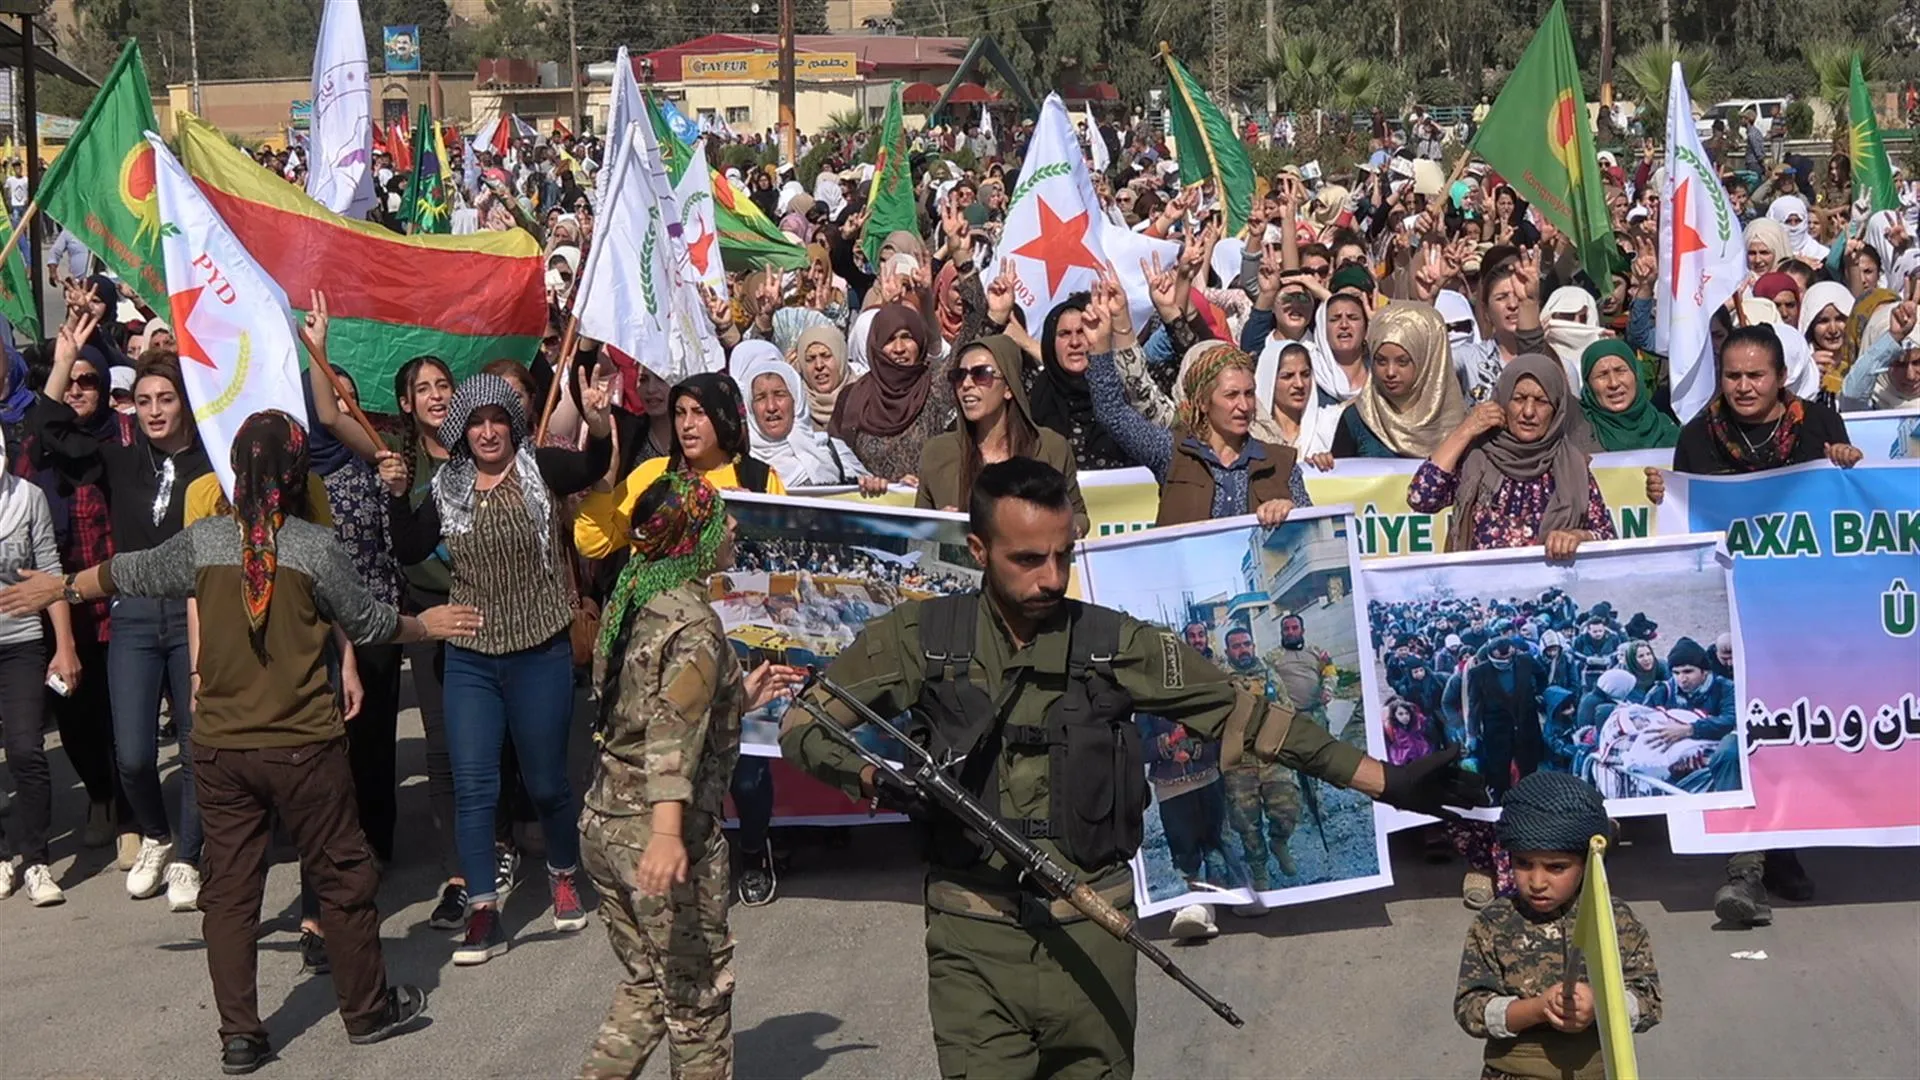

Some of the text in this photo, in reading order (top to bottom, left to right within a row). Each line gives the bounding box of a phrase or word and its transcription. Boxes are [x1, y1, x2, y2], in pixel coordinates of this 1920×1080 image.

[701, 60, 748, 72] TAYFUR
[192, 252, 237, 305] PYD
[1010, 279, 1035, 306] 003
[1726, 512, 1820, 557] AXA
[1882, 579, 1916, 636] Û

=====

▶ [Problem to work on]:
Whenever images occur above, omit them and retype each line exactly as it stands.

▶ [Task output]:
Some of the text in this photo, in reading order (top to bottom, left to right within a row). Each line gives the bounding box of a phrase or word and its transcription. Boxes are [x1, y1, x2, y2], in pixel coordinates of this 1920×1080 image.

[701, 60, 748, 72] TAYFUR
[192, 252, 237, 305] PYD
[1010, 279, 1035, 306] 003
[1726, 512, 1820, 557] AXA
[1882, 579, 1916, 636] Û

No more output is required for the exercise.